As my first Open Source Summit, I wasn’t really sure what to expect. I arrived in Edinburgh on the Sunday afternoon as the conference keynotes started at 9AM sharp on the Monday morning. My accommodation was the Mercure Edinburgh Haymarket which was around 5 minutes walk from the conference which was at the Edinburgh Conference Centre.
On Monday morning I made it to the conference centre for around 8.30 with what I thought was plenty of time to have a wander round the sponsors area and grab some freebies (was especially afeter a SUSE chameleon in case they ran out - I needn’t have worried). The sponsor stands were quite impressive, lots of big names, RedHat, Oracle, Intel, BMW, SUSE along with lots of smaller embedded players. The BMW stand in particular stood out for me for having their infotainment development system, recreating the hardware present in the car, screens, speakers, modules etc.
I ended up talking to someone on the Synopsys stand about container scanning and only made a run for the main auditorium for the keynote at just before 9! Unfortunately the auditorium was full so I ended up being sent to the overflow room where unfortunately there was only an audio feed from the main auditorium - no video. This was a bit of a disappointment.
I won’t make any comment on the keynotes as these are already available on the Linux Foundation Youtube page, but they were of a good standard.

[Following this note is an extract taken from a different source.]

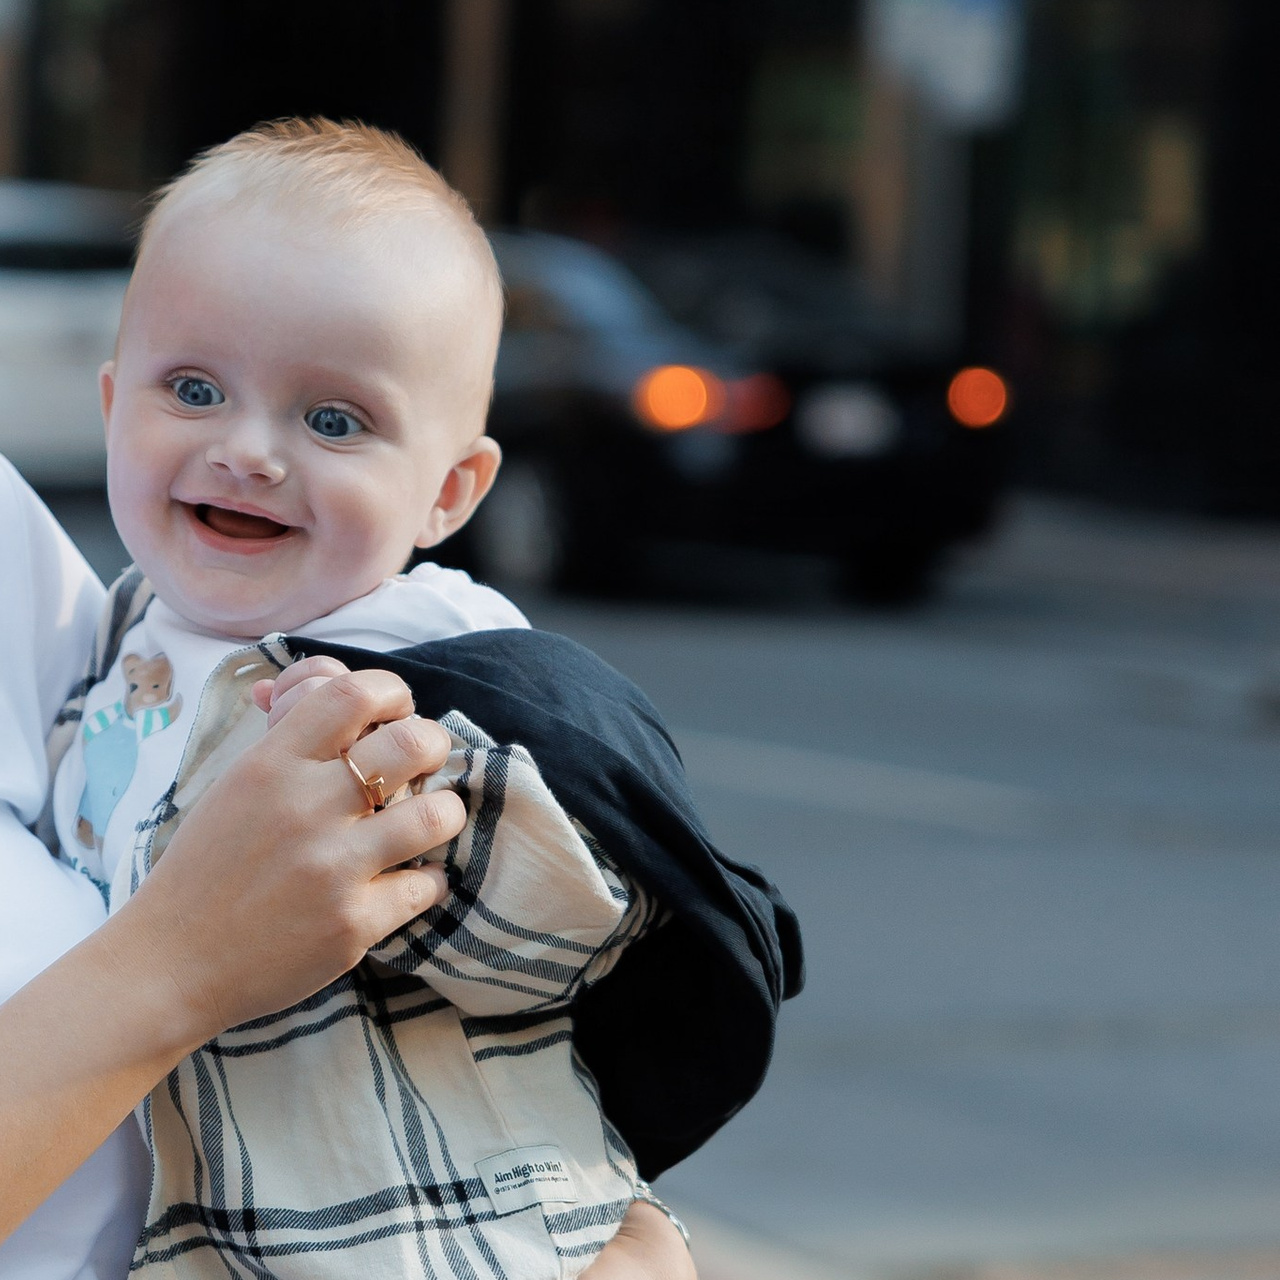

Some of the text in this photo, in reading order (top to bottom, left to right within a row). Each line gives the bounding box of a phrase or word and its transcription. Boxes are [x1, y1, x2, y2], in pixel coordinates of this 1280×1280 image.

[494, 1161, 563, 1184] Aim High to Win!
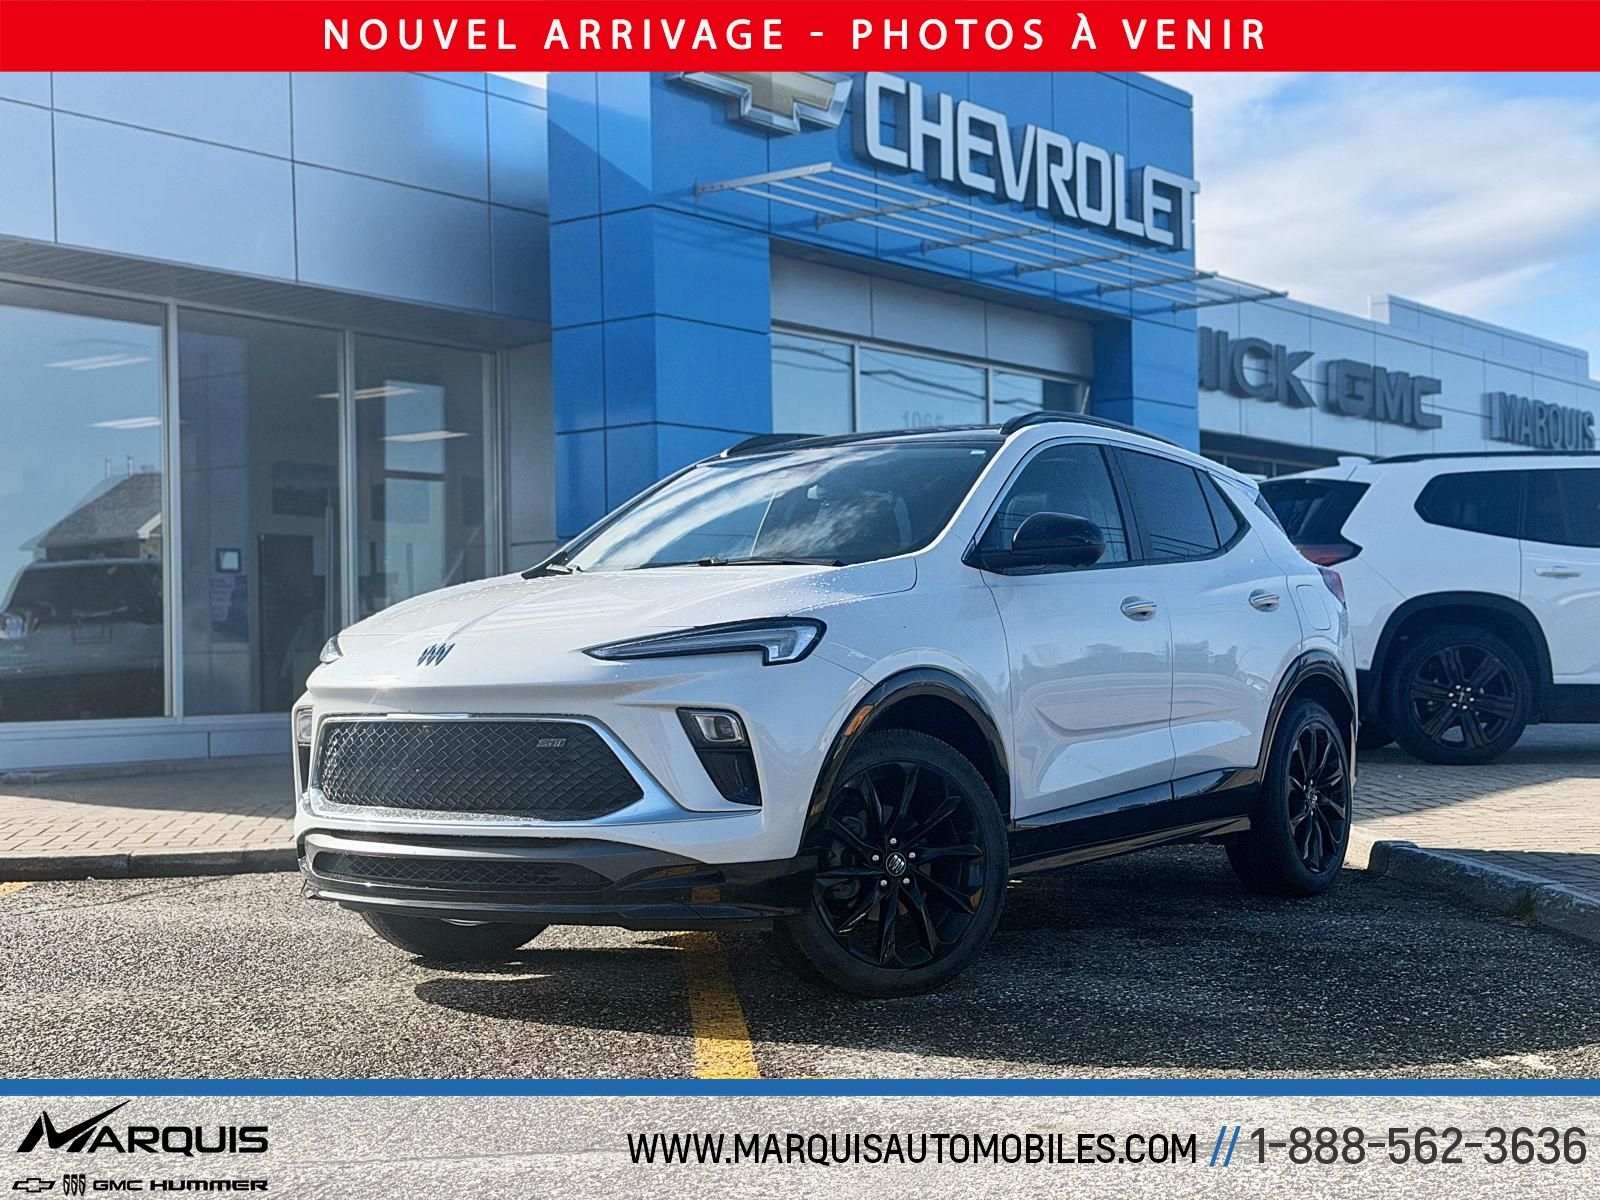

The keynotes lasted until around 11, at which point I went to the first talk of my own selection -
A Pragmatic Introduction to Machine Learning with Maartens Lourens (@thundercomb), Automation Logic
This talk was aimed at engineers, so no deep mathematics required and explained the background of Machine Learning (he didn’t delve into Deep Learning - this was purely classical Machine Learning)
Recommended Andrej Karpathy “The unreasonable effectiveness of recurrent neural networks - he is now at Tesla, and referenced AlphaGo which beat Go masters with ML as well as DeepMind, now bought by Google.
The key is to understand where ML can be applied. In his words, ML can be summed up as learning from data.
Data science produces insights, machine learning produces predictions, AI produces actions (David Robinson - varianceexplained.org)
As an example of the application of machine learning he showed how it could be used for log parsing. Log lines are not in a standardised format - different date formats used, process naming etc, some could be JSON. Also the case of “previous message repeated x times”.
The first step is classification - this is supervised machine learning.
Training Data -> data preparation -> training -> model
For the solution he used Python, scikit-learn, which can deal with classical and statistical ML, and Pandas a library that works with tabular data.
First the data was divided into training data and testing data which will later be used to test how well the model is trained. Depending on the amount of data you have will dictate the proportion split of training to test data.
The code he showed used the variable names x and y which would normally be frowned upon in programming as being undescriptive but these are a convention used in the ML world. X is used to refer to data, y the type data (answers).
At this point we don’t know which algorithm is most suited; binary tree, support vectors, fit function.
We can use these different algorithms to create models.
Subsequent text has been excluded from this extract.